[Images for object localization]

--- START ---

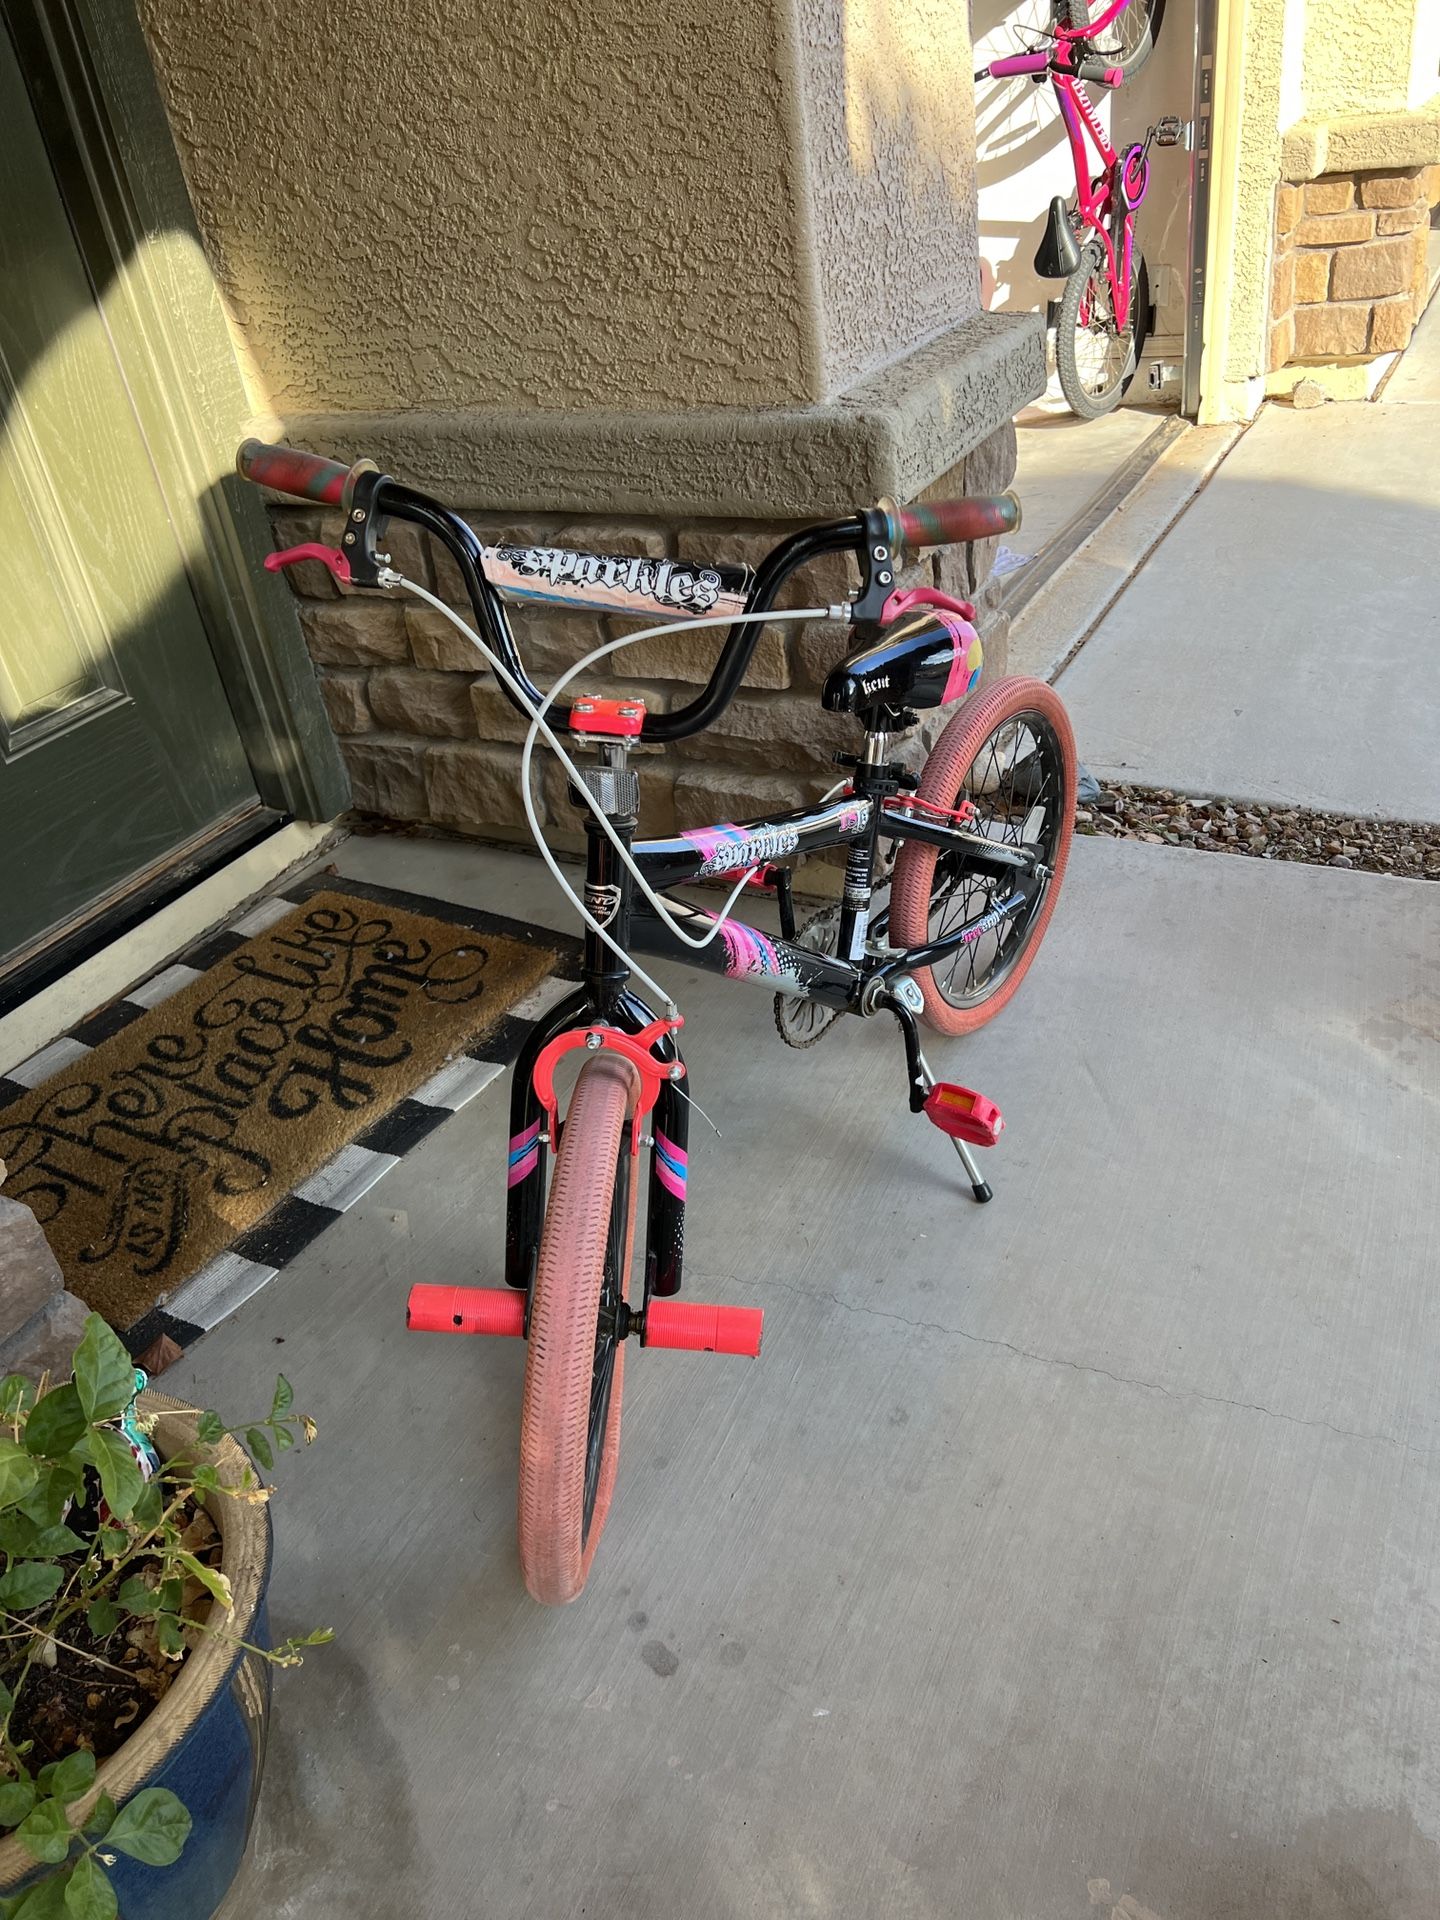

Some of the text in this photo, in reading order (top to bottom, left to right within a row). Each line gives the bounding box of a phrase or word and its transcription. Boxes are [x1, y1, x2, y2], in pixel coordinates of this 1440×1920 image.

[861, 674, 890, 695] kent
[161, 998, 312, 1196] place
[267, 937, 489, 1120] Home
[0, 1033, 208, 1224] There
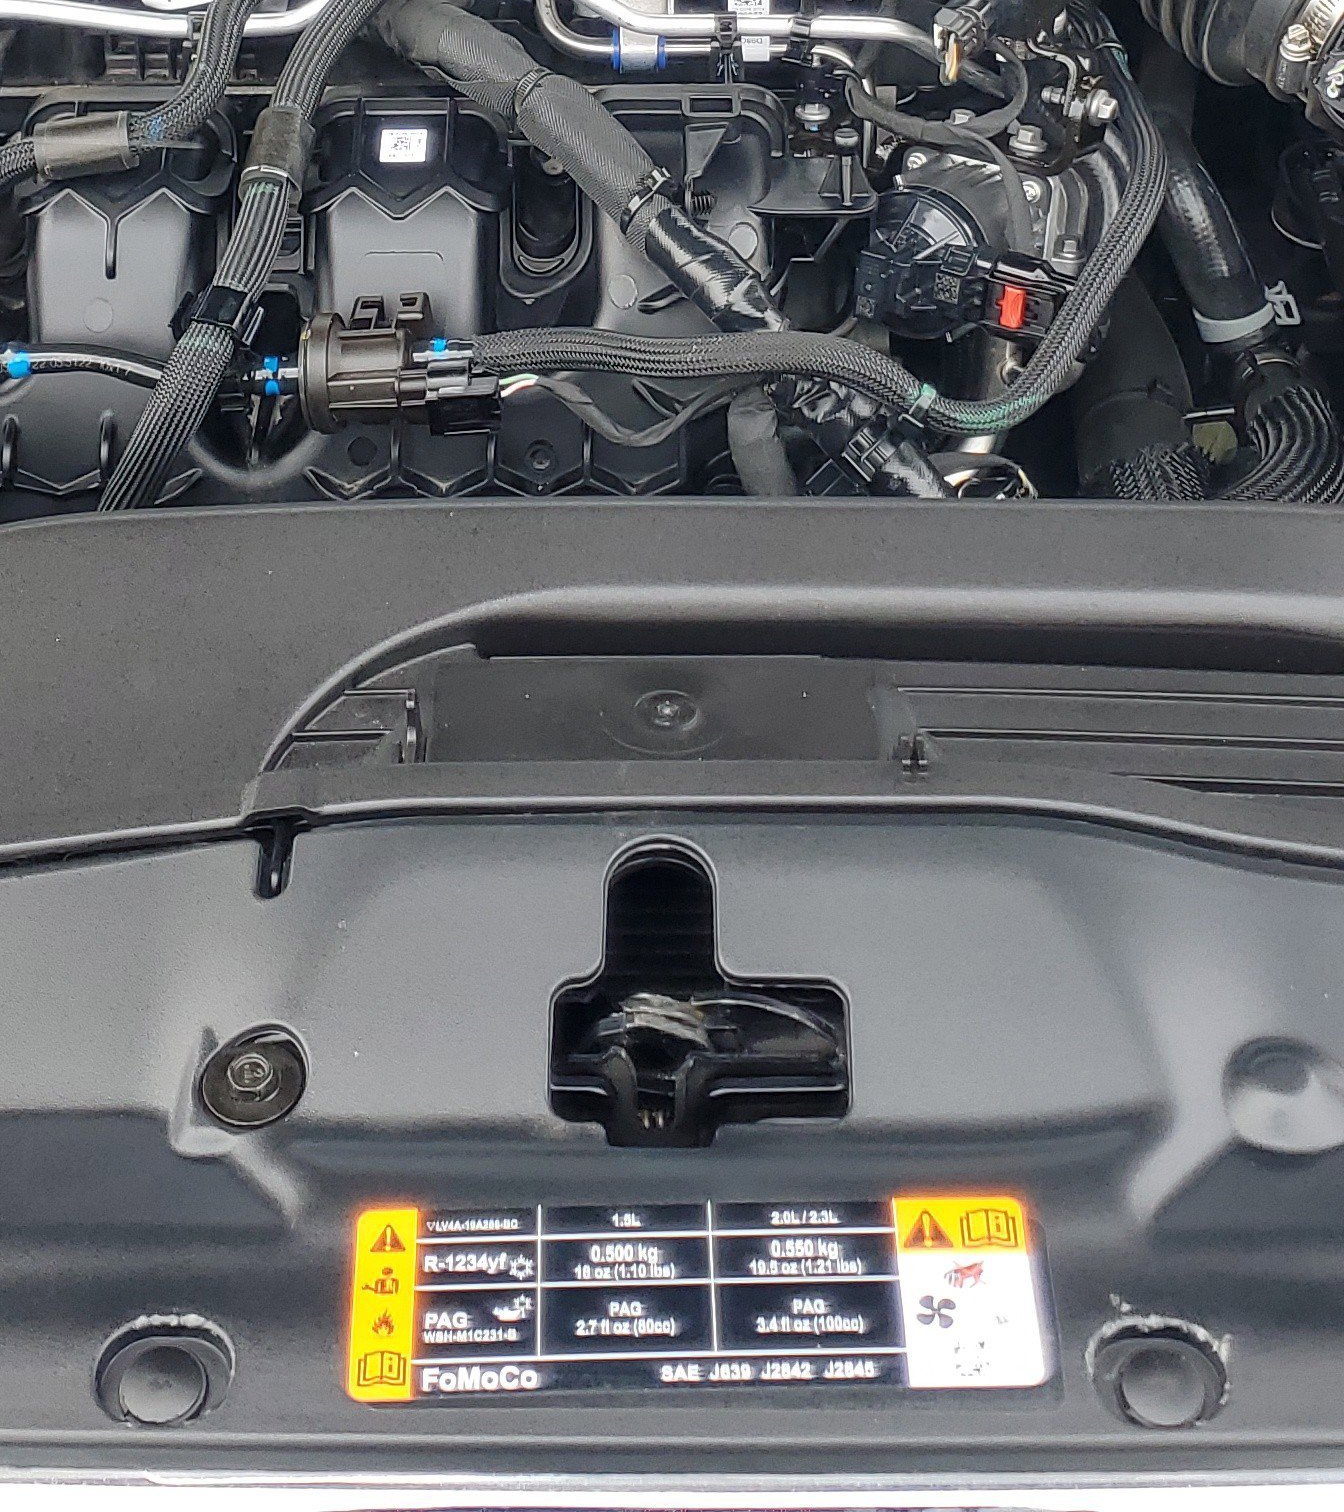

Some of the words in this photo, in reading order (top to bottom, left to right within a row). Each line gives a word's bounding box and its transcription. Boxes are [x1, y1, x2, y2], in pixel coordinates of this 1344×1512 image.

[612, 1213, 642, 1228] 1.5L
[770, 1210, 800, 1225] 2.0L
[809, 1209, 840, 1224] 2.3L
[590, 1244, 634, 1263] 0.500
[638, 1243, 659, 1264] kg
[770, 1239, 813, 1258] 0.550
[817, 1238, 839, 1259] kg
[424, 1253, 508, 1274] R-1234yf
[594, 1268, 611, 1279] oz
[614, 1264, 647, 1280] (1.10
[649, 1263, 676, 1279] lbs)
[749, 1259, 778, 1275] 19.5
[781, 1262, 798, 1274] oz
[801, 1259, 832, 1276] (1.21
[836, 1258, 862, 1275] lbs)
[609, 1301, 643, 1317] PAG
[792, 1298, 826, 1314] PAG
[424, 1311, 469, 1329] PAG
[575, 1319, 598, 1336] 2.7
[600, 1318, 610, 1335] fl
[612, 1322, 631, 1335] oz
[633, 1317, 676, 1337] (80cc)
[756, 1316, 778, 1333] 3.4
[780, 1316, 790, 1333] fl
[793, 1320, 811, 1332] oz
[813, 1314, 864, 1335] (100cc)
[421, 1365, 538, 1393] FoMoCo
[660, 1364, 701, 1382] SAE
[710, 1362, 752, 1381] J639
[760, 1361, 813, 1380] J2842
[823, 1360, 876, 1379] J2845

--- END ---

§ PROBLEM: Whenever images occur above, omit them and retype each line exactly as it stands.

§ RESULT BELOW:
Some of the text in this photo, in reading order (top to bottom, left to right within a row). Each line gives the bounding box of a phrase or word and its transcription. Boxes are [x1, y1, x2, y2], in pixel coordinates of this 1440×1920 image.

[861, 674, 890, 695] kent
[161, 998, 312, 1196] place
[267, 937, 489, 1120] Home
[0, 1033, 208, 1224] There

Some of the words in this photo, in reading order (top to bottom, left to right within a row). Each line gives a word's bounding box and its transcription. Boxes are [x1, y1, x2, y2], in pixel coordinates of this 1344×1512 image.

[612, 1213, 642, 1228] 1.5L
[770, 1210, 800, 1225] 2.0L
[809, 1209, 840, 1224] 2.3L
[590, 1244, 634, 1263] 0.500
[638, 1243, 659, 1264] kg
[770, 1239, 813, 1258] 0.550
[817, 1238, 839, 1259] kg
[424, 1253, 508, 1274] R-1234yf
[594, 1268, 611, 1279] oz
[614, 1264, 647, 1280] (1.10
[649, 1263, 676, 1279] lbs)
[749, 1259, 778, 1275] 19.5
[781, 1262, 798, 1274] oz
[801, 1259, 832, 1276] (1.21
[836, 1258, 862, 1275] lbs)
[609, 1301, 643, 1317] PAG
[792, 1298, 826, 1314] PAG
[424, 1311, 469, 1329] PAG
[575, 1319, 598, 1336] 2.7
[600, 1318, 610, 1335] fl
[612, 1322, 631, 1335] oz
[633, 1317, 676, 1337] (80cc)
[756, 1316, 778, 1333] 3.4
[780, 1316, 790, 1333] fl
[793, 1320, 811, 1332] oz
[813, 1314, 864, 1335] (100cc)
[421, 1365, 538, 1393] FoMoCo
[660, 1364, 701, 1382] SAE
[710, 1362, 752, 1381] J639
[760, 1361, 813, 1380] J2842
[823, 1360, 876, 1379] J2845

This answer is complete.